As Miner said in the Android Developers video, Google has noticed the huge number of Android tablets in the hands of consumers and doesn’t plan to forget them. He claims that tablet purchases are almost starting to rival laptop purchases in 2020, a fact that comes true upon examination. Sales information collected by IDC.

Miner expects tablet sales to outpace laptop sales “in the not too distant future.”

With tablets continuing to be a competitive piece of hardware in regards to laptops, Miner expects tablet sales to outpace laptop sales “in the not too distant future.” Depending on what Google classifies as a tablet, that time may come sooner than many consumers realize.

foldable back

The Samsung Galaxy Z Flip 3 sits on a table in front of several Z Fold devices.
Andy Boxall / Digital Trends

While Apple smartphones have generally maintained a similar design since their introduction, Android has been playing around with its phones in recent years. The ‘frameless all-screen’ design is still at the forefront of Android products, with devices like the Samsung Galaxy S22 Being a premium smartphone. Foldable technology is also starting to make its way to the fore again.

There was a time in the mid-2000s when foldable phones (oysters, etc.) were the industry standard, but when glass-paneled smartphones like the iPhone started to dominate the market, foldable technology was abandoned. However, in recent years, foldable phones have started to make a comebackWith devices like the Galaxy Z Fold 3 and Galaxy Z Flip 3 showing the industry the value foldable screens can provide.

Google sees foldable devices as a way to bridge the gap between phones and tablets in the same way it has bridged the gap between tablets and laptops in the past five years or so. As foldable phones become more and more popular, so will the tablet user base. Since all foldable devices are Android devices, the user base will turn exclusively to Google for its software.

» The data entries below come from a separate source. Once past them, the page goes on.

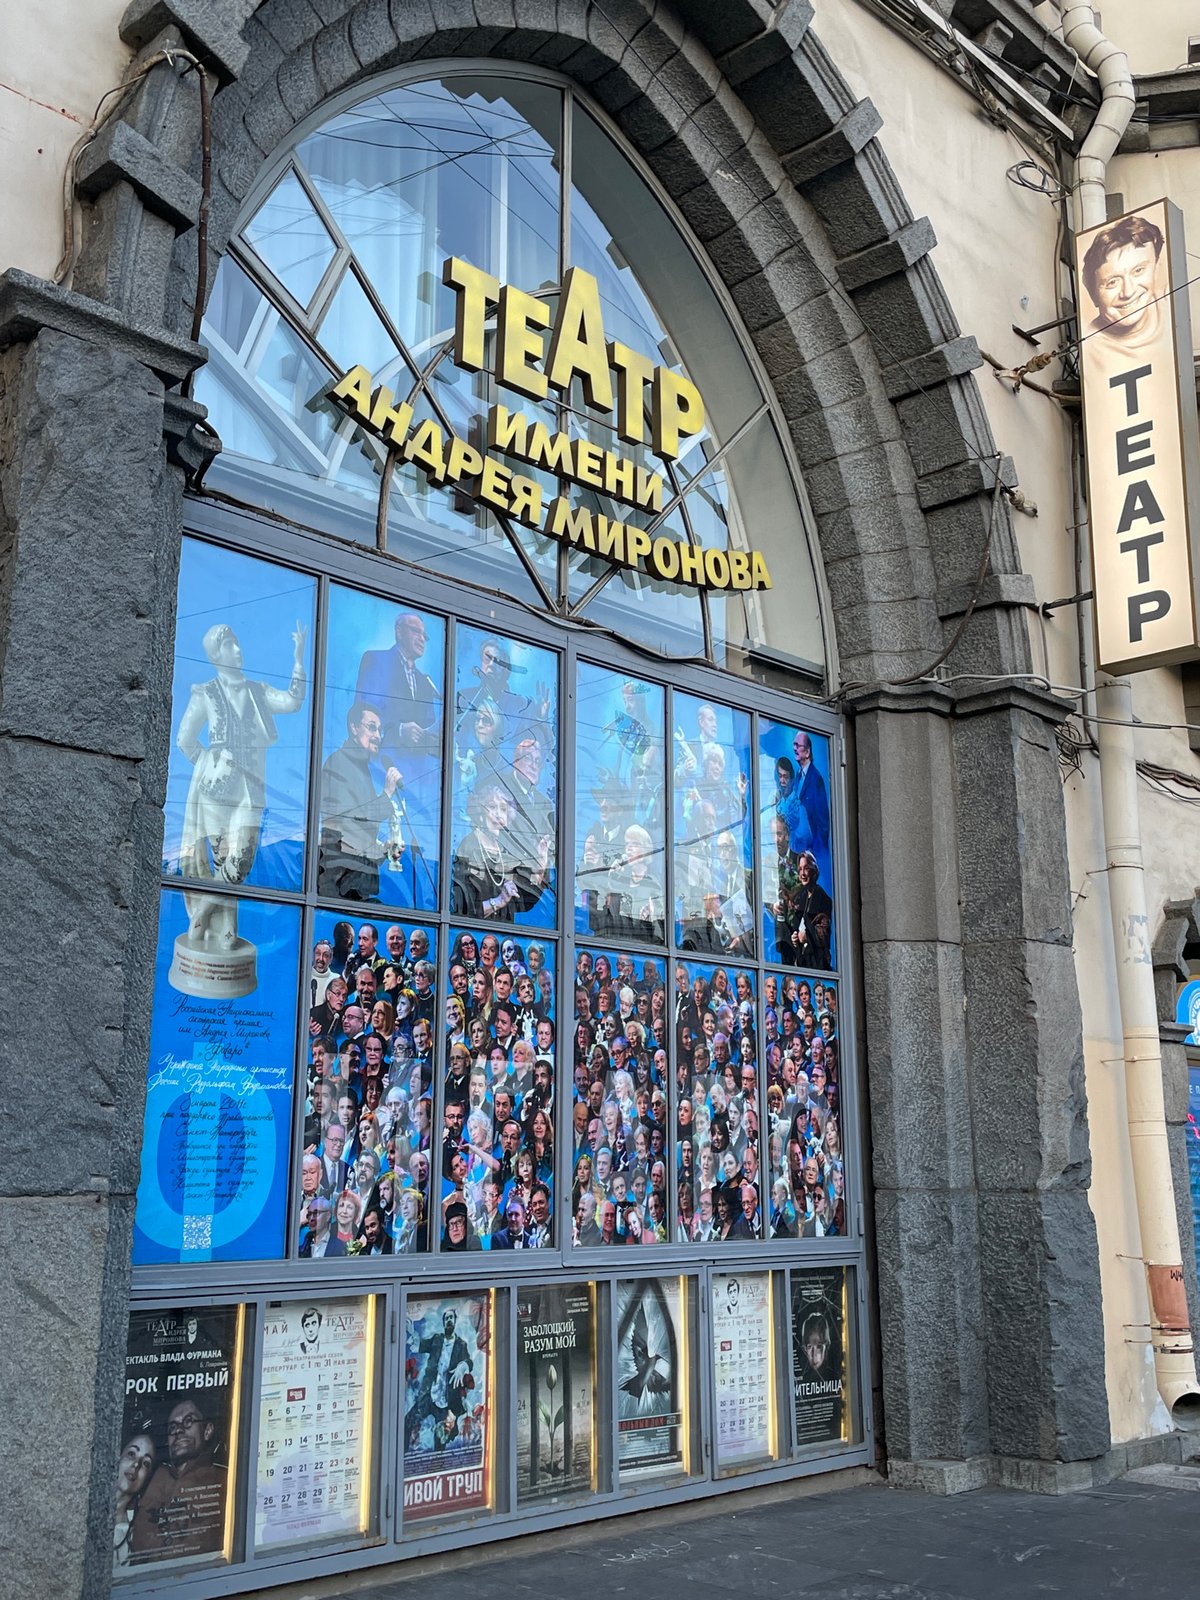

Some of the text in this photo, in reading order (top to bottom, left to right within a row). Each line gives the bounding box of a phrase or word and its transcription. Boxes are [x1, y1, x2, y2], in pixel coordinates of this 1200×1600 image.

[442, 255, 705, 462] ТЕАТР
[488, 403, 664, 515] ИМЕНИ
[327, 365, 773, 590] АНДРЕЯ МИРОНОВА
[1107, 363, 1173, 644] ТЕАТР
[146, 1319, 177, 1337] ТЕАТР
[325, 1316, 355, 1332] ТЕАТР
[523, 1318, 576, 1337] ЗАБОЛОЦКИЙ.
[524, 1331, 576, 1353] РАЗУМ МОЙ
[160, 1352, 185, 1362] ВЛАДА
[186, 1349, 222, 1361] ФУРМАНА
[263, 1363, 297, 1374] РЕПЕРТУАР
[324, 1359, 331, 1367] 31
[125, 1367, 229, 1395] РОК ПЕРВЫЙ
[795, 1379, 843, 1397] ИТЕЛЬНИЦА
[581, 1389, 586, 1399] 7
[518, 1399, 526, 1410] 24
[267, 1440, 275, 1448] 12
[284, 1438, 293, 1446] 13
[300, 1436, 308, 1444] 14
[346, 1429, 353, 1437] 17
[266, 1457, 354, 1477] 19 20 21 22 23 24
[264, 1483, 352, 1505] 26 27 28 29 30 31
[404, 1475, 443, 1507] ИВОЙ
[447, 1470, 483, 1498] ТРУП

It’s no wonder why Google is starting to realize the importance of tablets from now on as its user base will likely continue to expand exponentially in areas where iPads don’t reach. Android 12L was designed with tablets in mind to meet the needs of Google’s growing user base, but that’s not where the company plans to stop.

Tablet first mindset

Miner specifically mentions that Google is urging app developers to start designing software with a “tablet first” focus rather than a “mobile first” mindset. He compares the transformation of the design philosophy with the transformation that occurred when smartphones began to rise in popularity. App developers simply couldn’t port their software directly to mobile without major redesigns, so a shift was made to bring mobile design to the fore in the development process. This kind of change is what Google is pushing its app developers to do for tablets.

As Android tablets continue to grow, Google wants its apps to take advantage of the real estate available on larger screens. The company is also working on reminding developers to think about the inherent differences that come with tablets. Users may use additional hardware such as pens or attachable keyboards, so these types of things will be considered further as developers switch to “tablet first” designs.

There’s nothing Google has in store for the future of Android tablets, but it looks like the company isn’t planning on pulling back like it did in 2010. Apple certainly doesn’t hurt to find a user base in the tablet space, but as Android devices continue to grow in cracks in iPad coverage Over the next several years, it will be curious to see if the company becomes more competitive in those spaces as well. One thing is for sure: Google is interested in investing in its future, and that sounds like Android tablets.